## DATA SHOWN
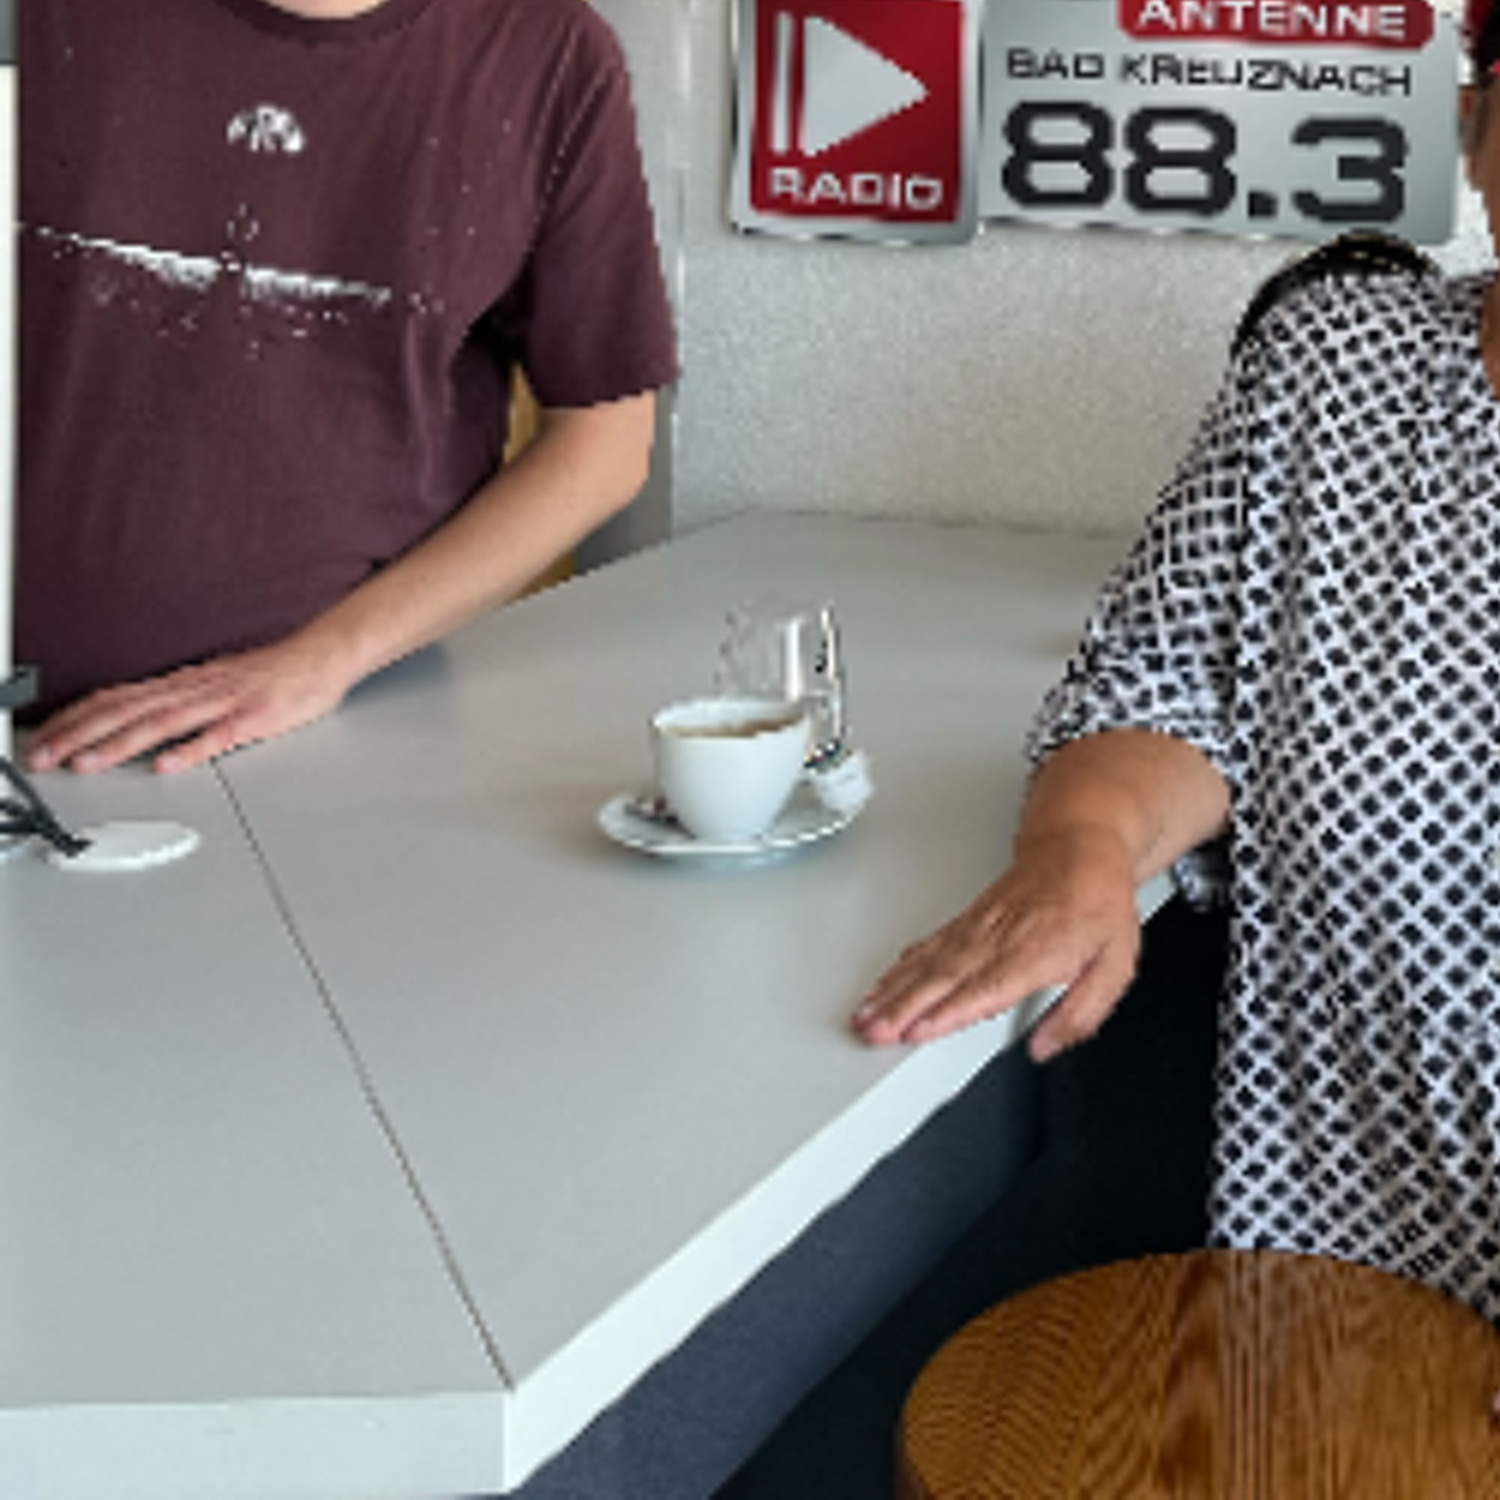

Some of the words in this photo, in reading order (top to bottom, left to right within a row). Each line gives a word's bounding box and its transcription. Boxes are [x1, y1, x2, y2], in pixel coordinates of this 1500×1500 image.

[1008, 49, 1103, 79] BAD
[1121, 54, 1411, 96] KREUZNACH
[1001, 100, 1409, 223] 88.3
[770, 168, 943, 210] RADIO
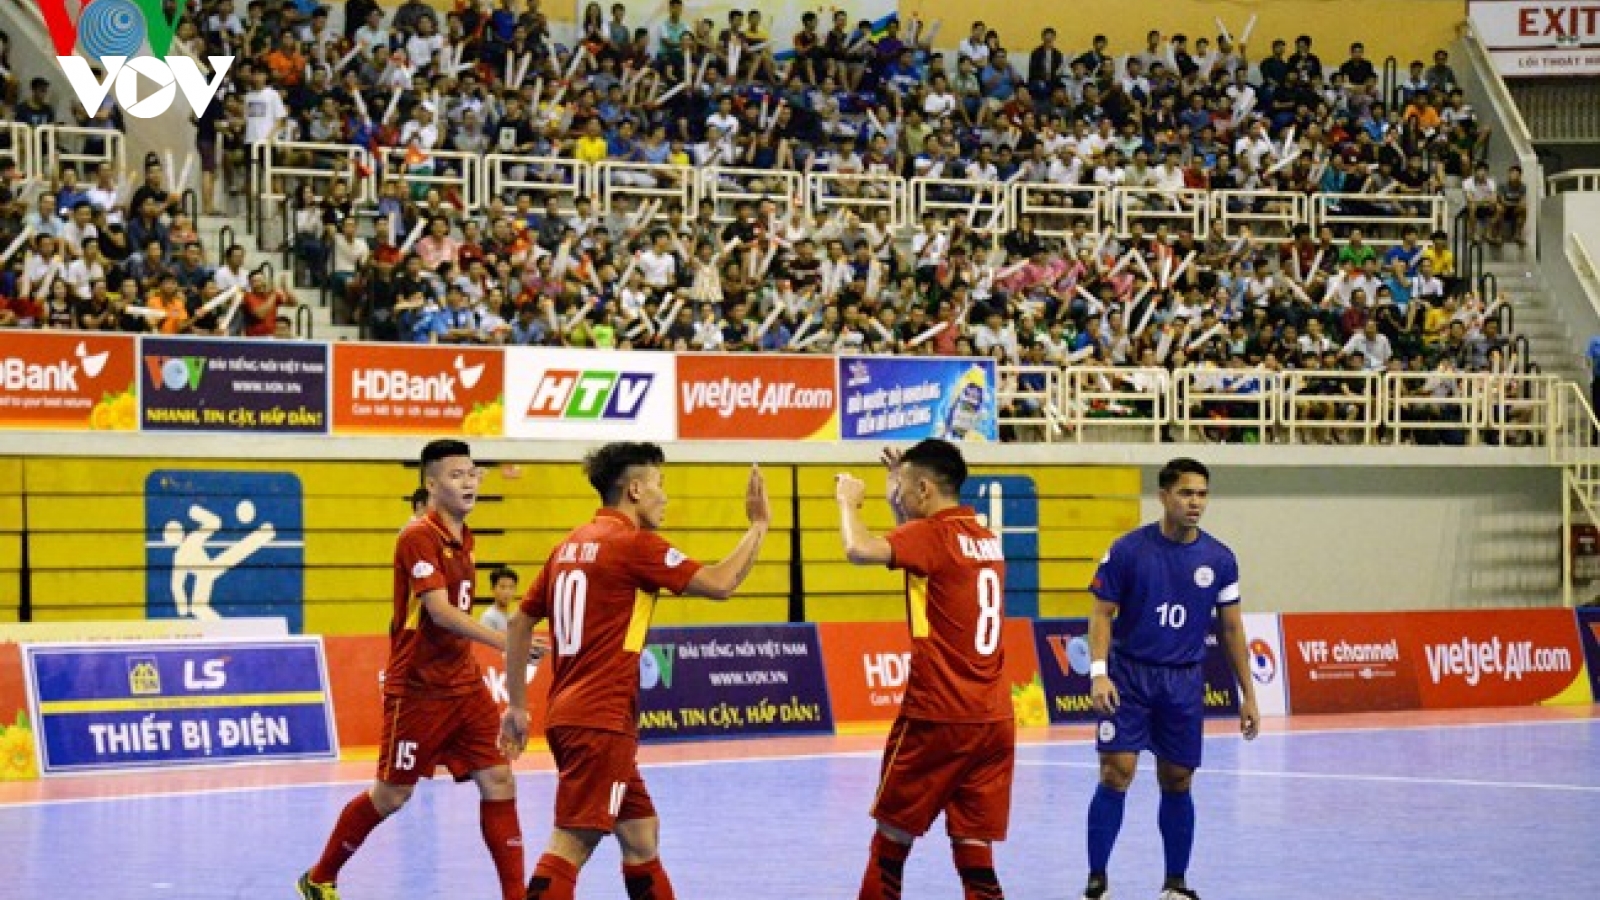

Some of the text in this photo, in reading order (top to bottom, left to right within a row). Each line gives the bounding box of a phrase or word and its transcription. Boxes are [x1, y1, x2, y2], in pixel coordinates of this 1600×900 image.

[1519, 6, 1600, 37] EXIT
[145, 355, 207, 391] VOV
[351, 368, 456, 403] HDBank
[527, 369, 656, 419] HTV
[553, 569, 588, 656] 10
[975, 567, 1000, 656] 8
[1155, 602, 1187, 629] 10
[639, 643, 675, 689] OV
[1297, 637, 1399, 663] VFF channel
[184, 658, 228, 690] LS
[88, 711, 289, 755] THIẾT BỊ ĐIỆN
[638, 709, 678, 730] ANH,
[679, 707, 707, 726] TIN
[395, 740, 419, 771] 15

## TASK DETAILS
Output the data exactly as it appears. The pictures do not belong in it.

## SOLUTION FOR THIS EXERCISE
Some of the words in this photo, in reading order (top to bottom, left to right within a row). Each line gives a word's bounding box and its transcription. Boxes are [x1, y1, x2, y2], in pixel coordinates of this 1500×1500 image.

[1008, 49, 1103, 79] BAD
[1121, 54, 1411, 96] KREUZNACH
[1001, 100, 1409, 223] 88.3
[770, 168, 943, 210] RADIO

Some of the text in this photo, in reading order (top to bottom, left to right within a row). Each line gives the bounding box of a phrase or word and its transcription. Boxes are [x1, y1, x2, y2], in pixel coordinates of this 1600×900 image.

[1519, 6, 1600, 37] EXIT
[145, 355, 207, 391] VOV
[351, 368, 456, 403] HDBank
[527, 369, 656, 419] HTV
[553, 569, 588, 656] 10
[975, 567, 1000, 656] 8
[1155, 602, 1187, 629] 10
[639, 643, 675, 689] OV
[1297, 637, 1399, 663] VFF channel
[184, 658, 228, 690] LS
[88, 711, 289, 755] THIẾT BỊ ĐIỆN
[638, 709, 678, 730] ANH,
[679, 707, 707, 726] TIN
[395, 740, 419, 771] 15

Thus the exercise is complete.